Action item: Your copy of the listing should match it exactly, only without pictures.

Provided material:
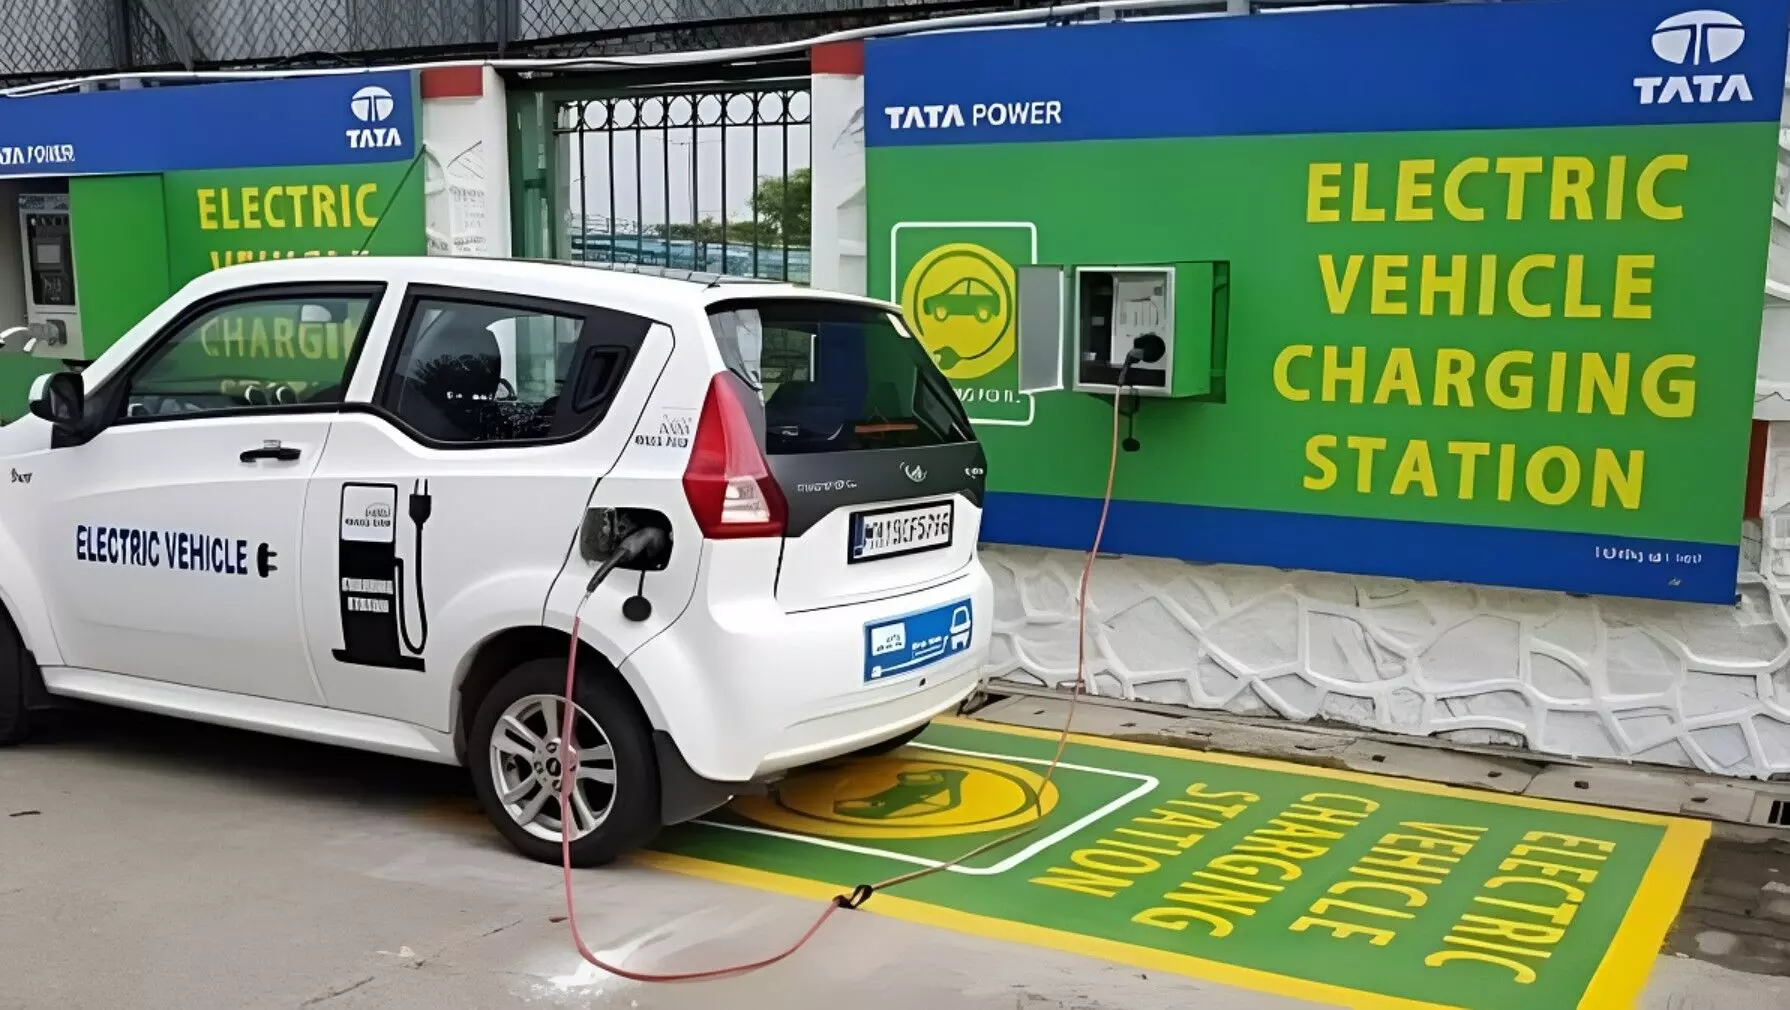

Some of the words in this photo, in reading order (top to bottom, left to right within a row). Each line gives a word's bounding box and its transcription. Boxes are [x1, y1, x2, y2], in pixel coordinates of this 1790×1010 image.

[885, 103, 966, 130] TATA
[972, 100, 1062, 127] POWER
[1633, 73, 1754, 105] TATA
[345, 127, 402, 149] TATA
[197, 183, 378, 230] ELECTRIC
[1306, 154, 1689, 223] ELECTRIC
[1318, 254, 1655, 319] VEHICLE
[1273, 345, 1696, 418] CHARGING
[1303, 434, 1645, 509] STATION
[76, 524, 160, 567] ELECTRIC
[164, 531, 248, 575] VEHICLE
[1028, 783, 1260, 898] STATION
[1131, 792, 1380, 937] CHARGING
[1288, 821, 1490, 946] VEHICLE
[1424, 830, 1617, 984] ELECTRIC

Task response:
Some of the words in this photo, in reading order (top to bottom, left to right within a row). Each line gives a word's bounding box and its transcription. Boxes are [x1, y1, x2, y2], in pixel coordinates of this 1790×1010 image.

[885, 103, 966, 130] TATA
[972, 100, 1062, 127] POWER
[1633, 73, 1754, 105] TATA
[345, 127, 402, 149] TATA
[197, 183, 378, 230] ELECTRIC
[1306, 154, 1689, 223] ELECTRIC
[1318, 254, 1655, 319] VEHICLE
[1273, 345, 1696, 418] CHARGING
[1303, 434, 1645, 509] STATION
[76, 524, 160, 567] ELECTRIC
[164, 531, 248, 575] VEHICLE
[1028, 783, 1260, 898] STATION
[1131, 792, 1380, 937] CHARGING
[1288, 821, 1490, 946] VEHICLE
[1424, 830, 1617, 984] ELECTRIC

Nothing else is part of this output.